North College was the first and only Institution of Higher Education in Greece, both in the Independent and/or Public sector, which introduced and operated Journalism Studies Courses in 1977. That innovation enabled first graduates students to be fully and unconditionally accepted by American and British Universities for post-graduate studies. Until 1990 the Greek state Universities ignored the Media Studies courses. Since then, the dominant notion was that the media professions were, merely, skill-oriented and thus, it was not necessary for journalists etc. to study for a degree. All the media professionals were self-taught or graduates of irrelevant degrees such as lawyers, mathematicians, psychologists or, even just, high school graduates.

==Location==

North College resided in Thessaloniki, Greece's second largest city after Athens. Thessaloniki has a population of about 1.2 million and is heavily involved in trade and services.

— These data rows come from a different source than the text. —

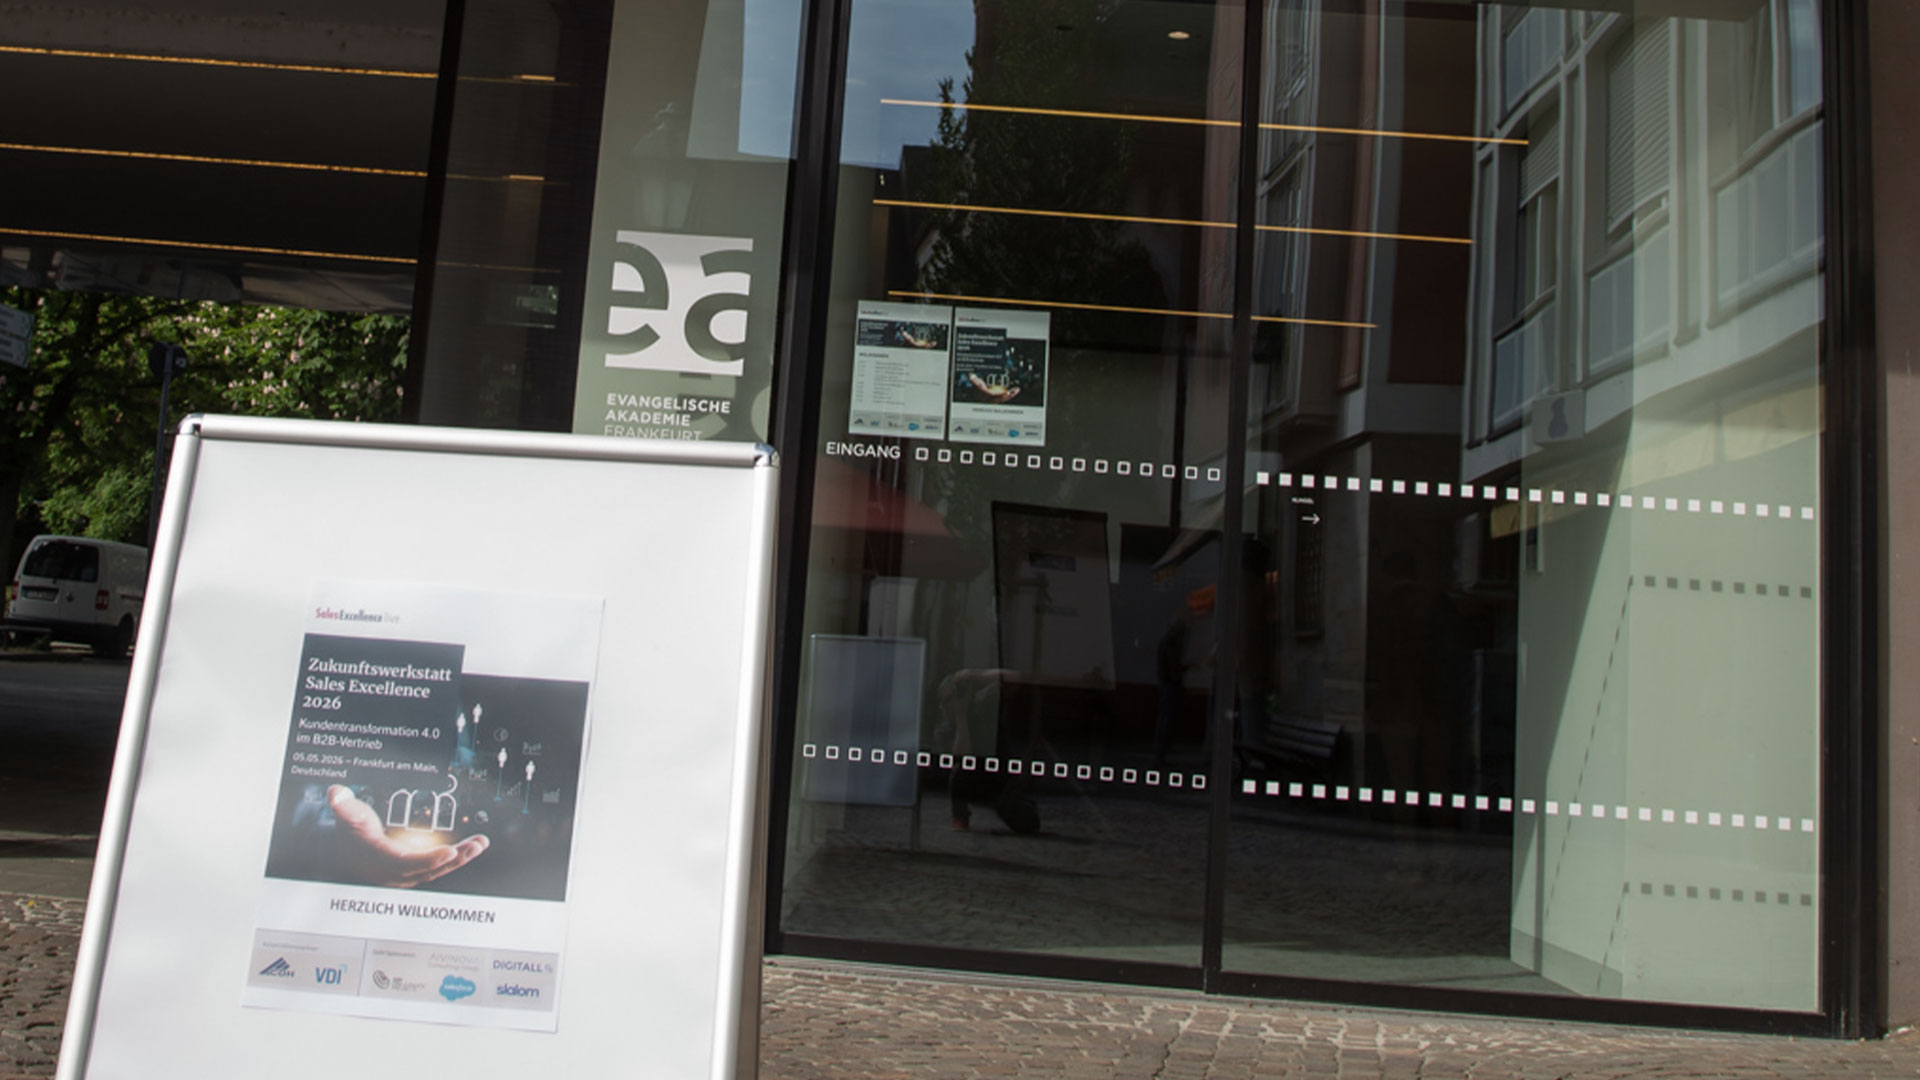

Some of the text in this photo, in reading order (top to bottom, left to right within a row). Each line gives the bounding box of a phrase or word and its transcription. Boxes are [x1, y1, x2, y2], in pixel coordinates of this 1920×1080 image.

[606, 393, 731, 414] EVANGELISCHE
[605, 409, 691, 427] AKADEMIE
[603, 424, 703, 440] FRANKFURT
[826, 441, 901, 459] EINGANG
[308, 656, 452, 682] Zukunftswerkstatt
[305, 676, 431, 698] Sales Excellence
[302, 695, 342, 710] 2026
[299, 718, 440, 740] Kundentransformation 4.0
[296, 733, 383, 749] im B2B-Vertrieb
[290, 765, 347, 778] Deutschland
[292, 752, 344, 765] 05.05.2026
[353, 757, 394, 770] Frankfurt
[397, 762, 410, 770] am
[413, 762, 439, 773] Main,
[330, 898, 496, 923] HERZLICH WILLKOMMEN
[493, 959, 543, 973] DIGITALL
[315, 967, 342, 984] VDI
[496, 983, 540, 998] slalom

==Organisation and curriculum==

The college offered educational programmes in Business Studies, Division of Computing, Art & Design, Psychology & Counselling, Applied Linguistics & Foreign Languages, Mass Media & Communications.

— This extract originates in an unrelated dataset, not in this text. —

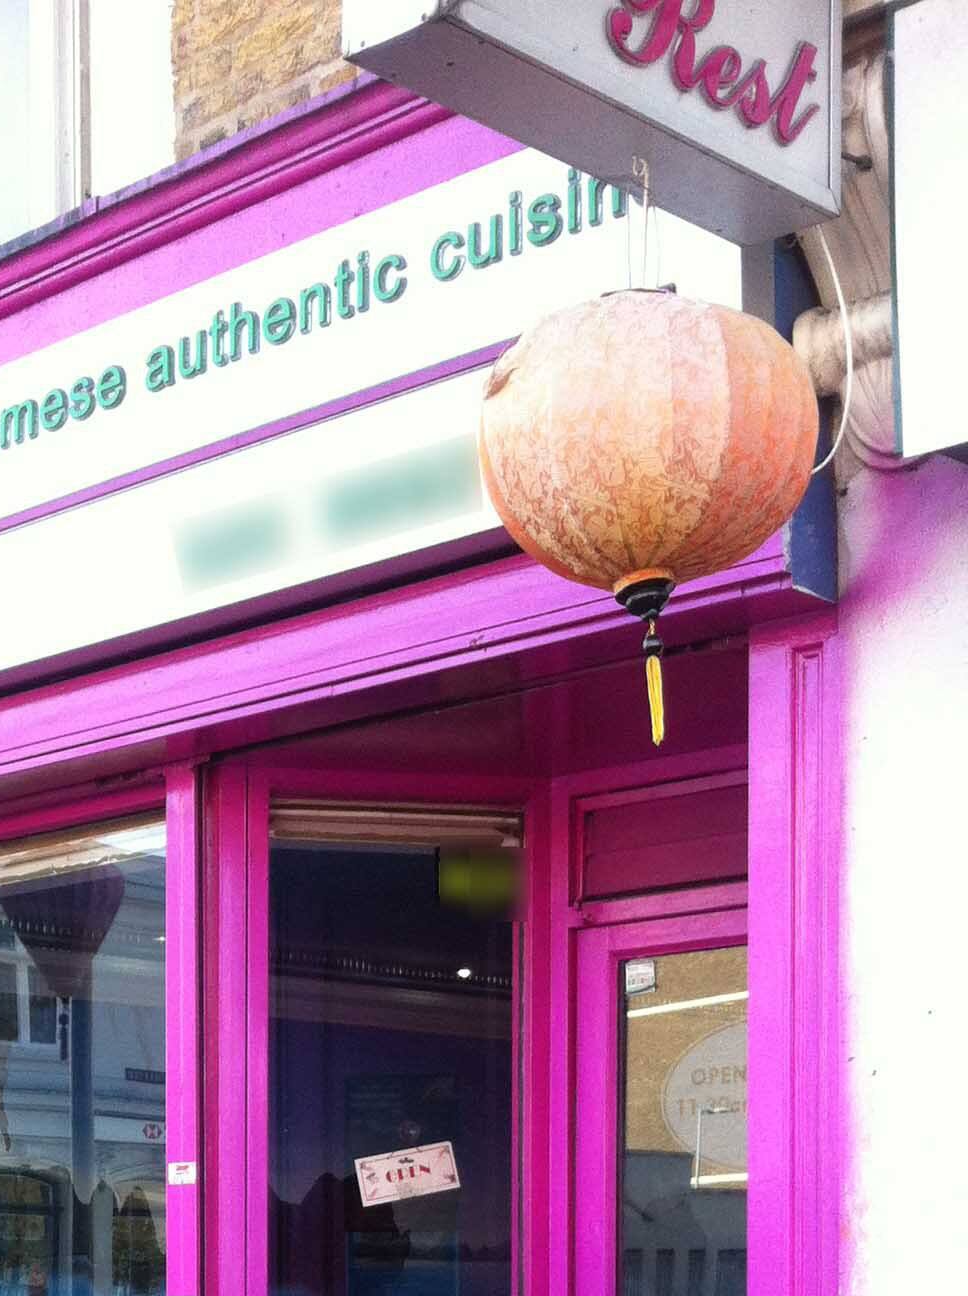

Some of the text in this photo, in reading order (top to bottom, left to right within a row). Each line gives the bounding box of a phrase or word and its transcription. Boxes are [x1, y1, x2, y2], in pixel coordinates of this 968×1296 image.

[605, 0, 820, 146] Rest
[144, 250, 408, 393] authentic
[430, 166, 646, 282] cuisin

The college was oriented towards the development of Higher Education programmes, research and related services in Greece as well as overseas.

North College internationalised its education in Europe and in the United States by joint projects:

- Offered courses validated by British universities
- Participated in European Union educational and research initiatives
- Undertook joint quality monitoring, research and development
- Contributed to development programs with Central and Eastern Europe
- Developed and applied the UK and European Credit Transfer System between Universities
- Promoted staff and student exchanges

The North College of Thessaloniki used to offer 37 bachelor and 17 master's degrees in School of Business & Computing, School of Art & Design, and School of Humanities & Social Sciences.

The United Kingdom remained and still remains the most popular choice of North College graduates to seek for post-graduate studies.

==Governance==

- The Board of Governors
- The Course Management Team
- The Course Board
- The Examination & Award Board
- The Quality Standards Committee

==Social activities==
Clubs, Groups and Societies of North College created by students who shared the same enthusiasm and the same preference for Social, Sports, Cultural, Arts, Performing and Media activities. They were strongly encouraged to develop new plans and initiatives as well as to participate and be involved in such activities, cultivating their social skills.

Various Clubs, Societies and Groups used to operate in North College from typical athletic clubs for sports like Soccer, Basketball, Volleyball, Aerobic to some more unusual like the Art Therapy Group, which was founded by students of the Department of Psychology and was open and flexible to include members from other study areas.

==Alumni==

The Alumni Association of North College operates as an independent legal entity recognized by statute by the competent authorities of the Greek State, in order to ensure communication between the alumni of the college. Besides, one of the main activities of the Alumni Association of North College is the continuous mutual information for the development of its members, but also the interconnections both within the organized structure, and between the different actors and networks of common interest.

==The Campuses==

During the academic year of 1992-93 (until 2005), the college moved to its new facilities outside the city of Thessaloniki, with purpose-built classrooms, that were better equipped, bigger and more numerous. At that time North College owned three Inner City Campuses (City Annex, and Metropolitan Campus) and one out-city campus (Ioannina City).

The last Metropolitan Campus Building of the college was presented during the Pan-Hellenic Architecture Exhibition organized by HELEXPO in November 2005.